There are times when the creditors write off debts after a set period of time like one, two, or three years after default. The creditor stops all its collection efforts, declares the debt not collectable, and reports it to the IRS as lost income to reduce its tax burden. IRS will still want to collect tax on this money and turns to the debtor. Generally, when a creditor dissolves the debtor’s obligation to repay a debt, the amount of that debt becomes income and it is taxed to the person owing the debt. However, the amount canceled is not treated as income if a debt is canceled under a bankruptcy proceeding.
A bankruptcy discharge releases the debtor from personal liability for certain specified types of debts. The discharge prohibits the creditors of the debtor from taking any form of collection action on discharged debts, including legal action and communications with the debtor, such as telephone calls, letters, and personal contacts. Even if the debt is a secured one such as a mortgage or a car loan, still the creditor cannot collect the debt. However, the creditor has the right to recover the collateral.

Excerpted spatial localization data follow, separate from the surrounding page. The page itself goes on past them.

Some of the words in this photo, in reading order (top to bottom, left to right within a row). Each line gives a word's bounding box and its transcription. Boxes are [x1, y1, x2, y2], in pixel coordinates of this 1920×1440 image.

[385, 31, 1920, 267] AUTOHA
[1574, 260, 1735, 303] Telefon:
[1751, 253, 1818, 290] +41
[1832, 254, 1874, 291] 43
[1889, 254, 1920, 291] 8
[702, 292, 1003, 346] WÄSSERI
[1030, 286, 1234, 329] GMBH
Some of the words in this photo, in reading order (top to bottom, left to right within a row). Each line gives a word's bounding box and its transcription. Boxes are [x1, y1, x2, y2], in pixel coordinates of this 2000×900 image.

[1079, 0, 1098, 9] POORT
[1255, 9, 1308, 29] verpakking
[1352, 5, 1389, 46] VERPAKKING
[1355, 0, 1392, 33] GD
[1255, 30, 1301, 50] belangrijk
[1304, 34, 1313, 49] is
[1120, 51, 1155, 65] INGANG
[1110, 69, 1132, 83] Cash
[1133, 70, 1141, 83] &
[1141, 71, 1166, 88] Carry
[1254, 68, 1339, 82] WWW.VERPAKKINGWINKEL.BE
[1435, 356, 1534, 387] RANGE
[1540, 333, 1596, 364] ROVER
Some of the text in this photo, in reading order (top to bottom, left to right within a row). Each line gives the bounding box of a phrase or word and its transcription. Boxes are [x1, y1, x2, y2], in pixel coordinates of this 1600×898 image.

The discharge happens when a bankruptcy case is concluded. For Chapter 7 filers, that is typically about three and a half months after the bankruptcy petition is filed. For Chapter 13 filers, this typically occurs a month or two after the Chapter 13 payment plan is completed.
If the debt, that is forgiven or written off is more than $600.00 of the debt’s principal the creditor is required to file Form 1099-C, a federal tax form to both the debtor and to the IRS. The box marked “bankruptcy” should be checked on 1099-C to demonstrate to the IRS that the listed debt has been discharged. In case this is not done, the debtor can file Form 982 to inform the IRS that this debt was included in bankruptcy and should therefore be free from taxation. Form 982 allows the debtor to reduce the amount of taxable income by the amount of any debts that is discharged in bankruptcy.